Cooper G S, Yuan Z, Chak A, Rimm A A
Department of Epidemiology and Biostatistics, Case Western Reserve University, University Hospitals of Cleveland, Ohio 44106, USA.
Cancer. 1999 May 15;85(10):2124-31.
There are a paucity of data supporting the routine use of follow-up testing to detect recurrent disease after potentially curative initial surgery in patients with nonmetastatic colorectal carcinoma.
Using the population-based Surveillance, Epidemiology, and End Results (SEER) registry, all patients age > or =65 years with local or regional colorectal carcinoma who were diagnosed in 1991, underwent surgical resection, and survived at least 6 months after diagnosis were identified. All inpatient, hospital outpatient, and physician/supplier Medicare claims from 6 months after diagnosis through 1994 were examined for follow-up procedures of interest. Procedure use during follow-up was compared across patient groups using both bivariate and multivariate analyses.
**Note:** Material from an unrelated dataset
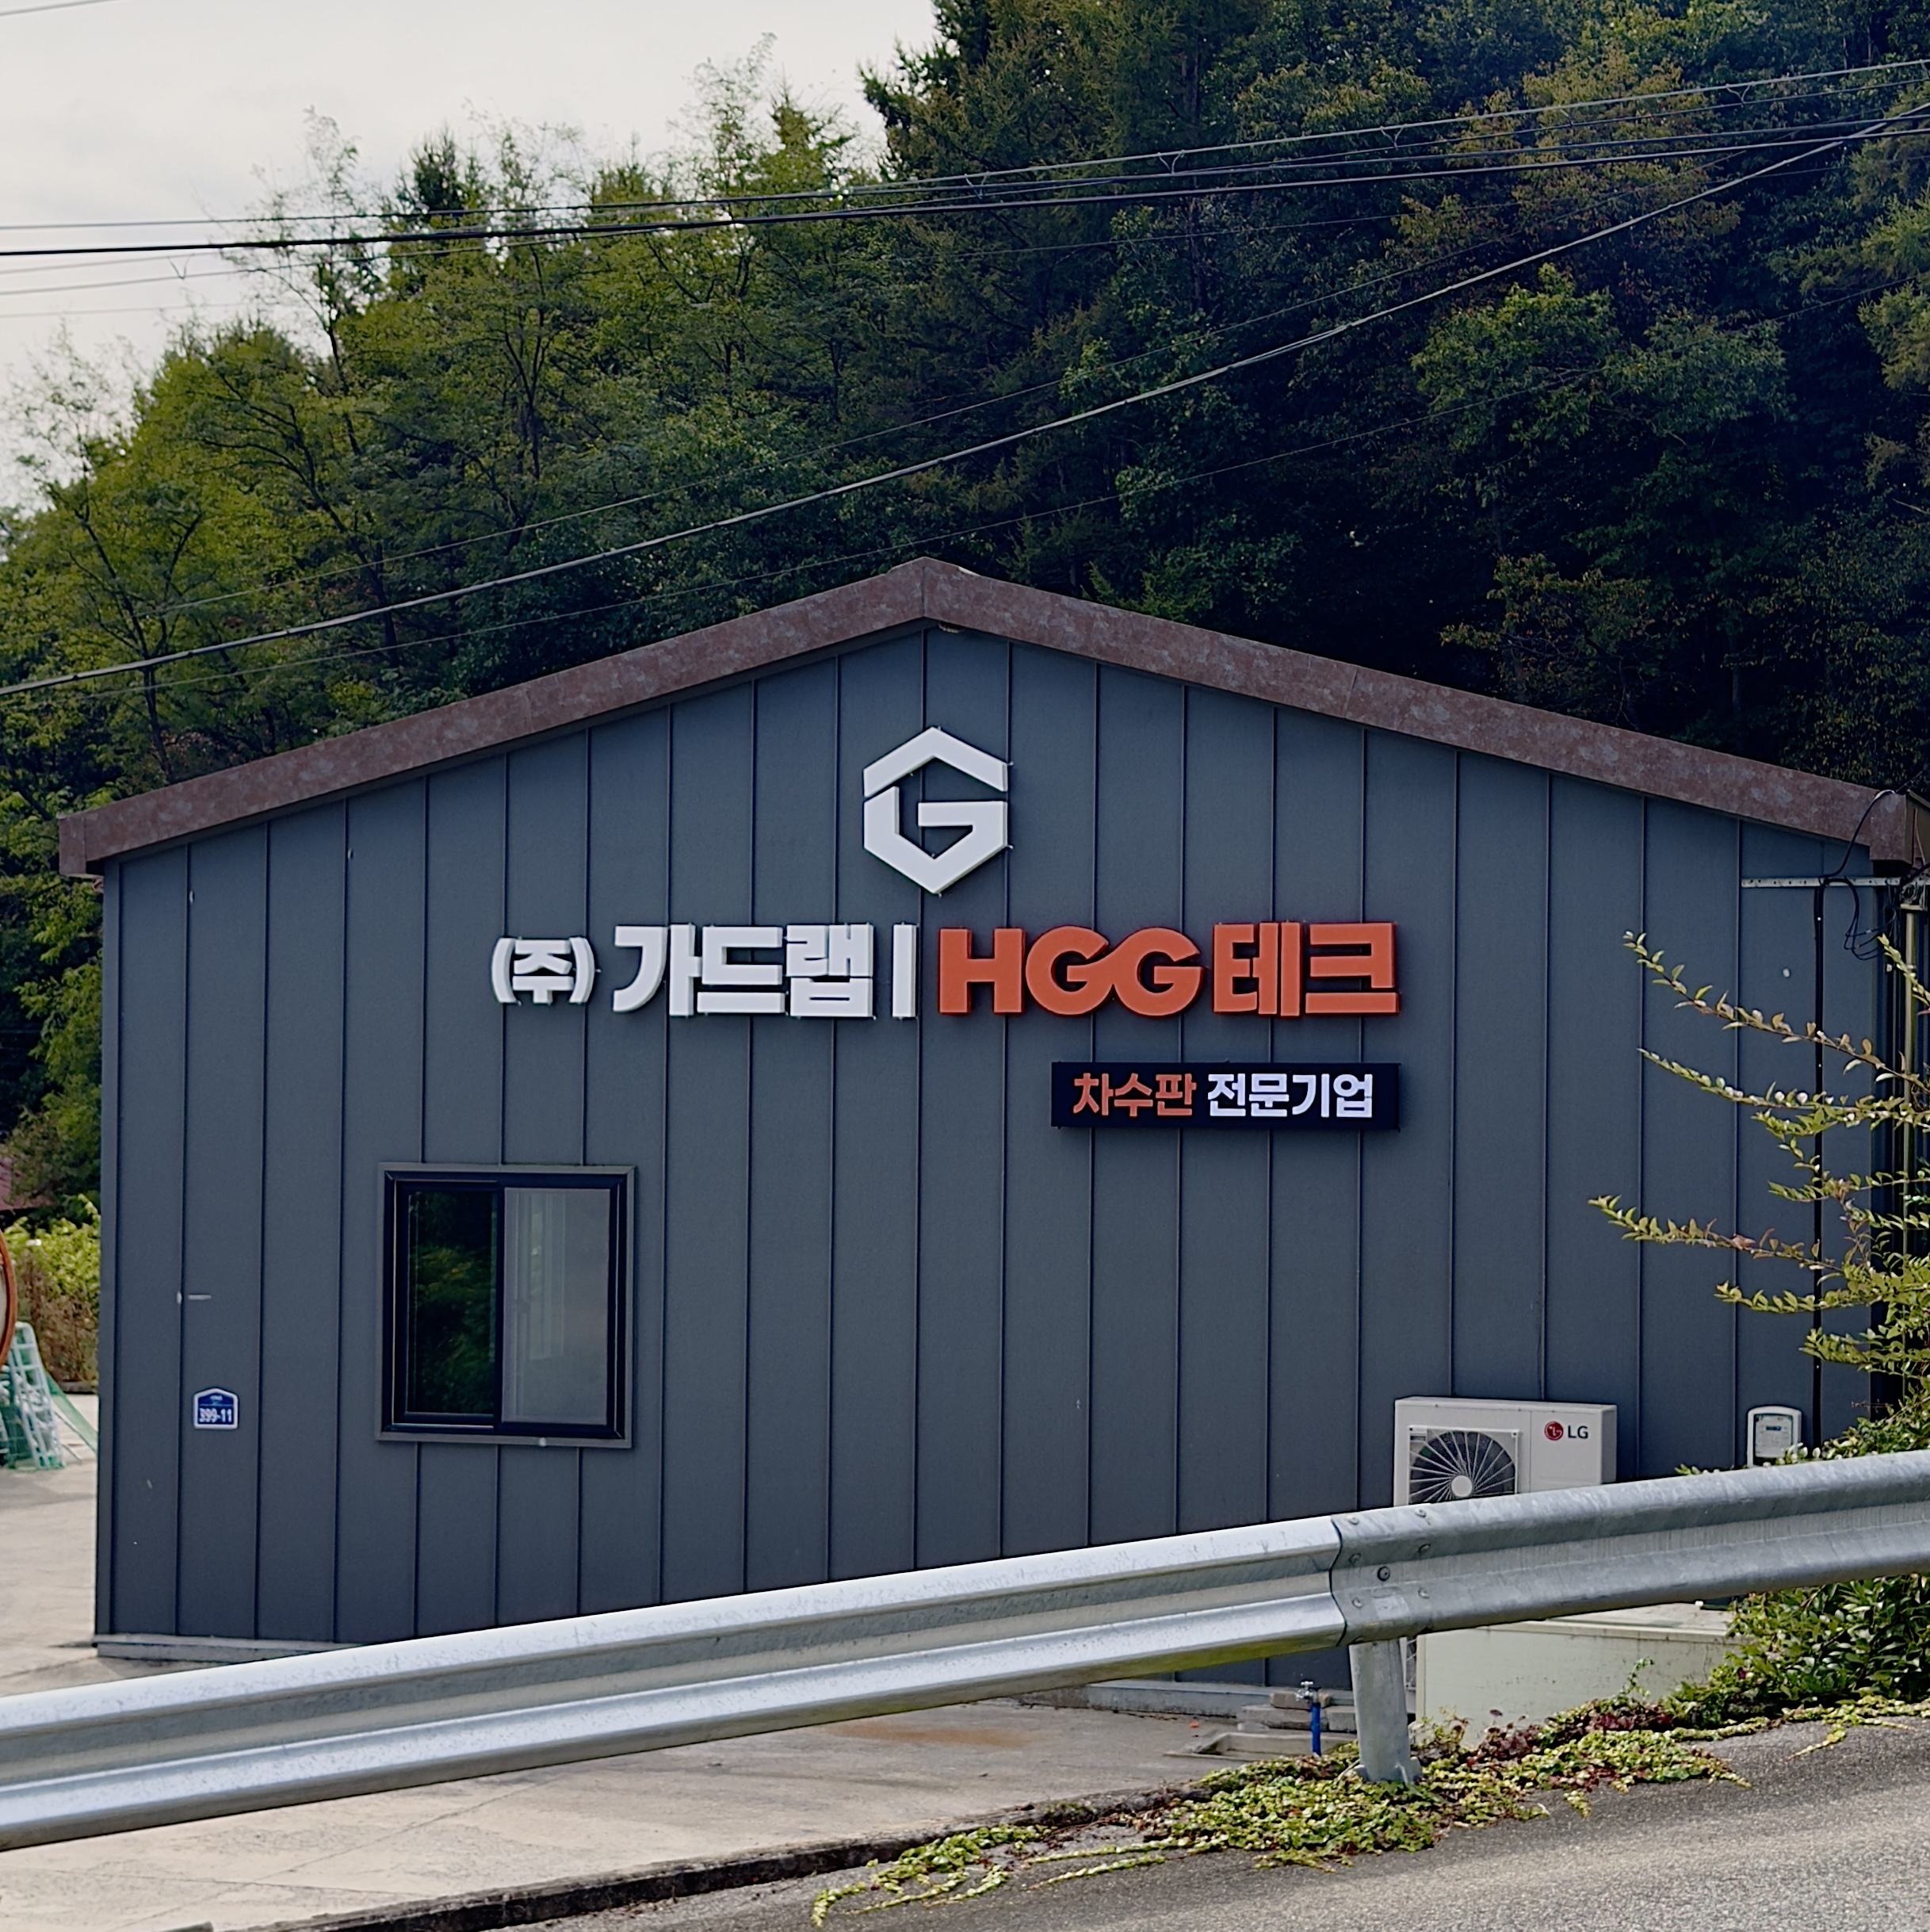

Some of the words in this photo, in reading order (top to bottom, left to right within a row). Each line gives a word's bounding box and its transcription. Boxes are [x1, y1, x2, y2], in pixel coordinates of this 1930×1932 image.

[613, 923, 874, 1018] 가드랩
[1072, 1073, 1196, 1116] 차수판
[1208, 1073, 1373, 1119] 전문기업
[1568, 1425, 1588, 1439] LG
A total of 5716 patients were identified, with 1.3% found to have developed subsequent primary tumors of the colon or rectum, and 74% surviving through 1994. One or more procedures of interest were performed in 88% of patients; the most commonly performed tests were liver enzymes, chest X-rays, colonoscopy, and computed tomography scans. Lower rates of testing generally were observed with older age groups, patients with fewer comorbidities, and patients who did not survive through the follow-up period. Among all procedures studied, there also was significant variation in the rates of testing across the 9 SEER areas, varying from 1.5-fold to 3.6-fold. The geographic variation persisted in multivariate models adjusting for potentially confounding factors.
The current study found significant variability in the use of follow-up procedures, with the most striking differences apparent across geographic regions. Further studies are needed to determine the underlying reasons for the disparities, as well as the impact of surveillance on patient outcomes.
对于非转移性结直肠癌患者,在进行了可能治愈性的初始手术后,缺乏支持常规使用随访检测来发现复发性疾病的数据。
利用基于人群的监测、流行病学和最终结果(SEER)登记处的数据,确定了所有年龄≥65岁、1991年诊断为局部或区域结直肠癌、接受了手术切除且诊断后存活至少6个月的患者。检查了从诊断后6个月至1994年的所有住院、医院门诊以及医生/供应商的医疗保险理赔记录,以查找感兴趣的随访程序。使用双变量和多变量分析比较了不同患者组随访期间的程序使用情况。
共识别出5716例患者,其中1.3%被发现随后发生了结肠或直肠癌的原发性肿瘤,74%存活至1994年。88%的患者进行了一项或多项感兴趣的程序;最常进行的检查是肝酶、胸部X线、结肠镜检查和计算机断层扫描。年龄较大的组、合并症较少的患者以及未存活至随访期结束的患者的检测率通常较低。在所有研究的程序中,9个SEER地区的检测率也存在显著差异,相差1.5倍至3.6倍。在调整了潜在混杂因素的多变量模型中,地理差异仍然存在。
当前研究发现随访程序的使用存在显著差异,最明显的差异出现在不同地理区域之间。需要进一步研究以确定差异的潜在原因以及监测对患者结局的影响。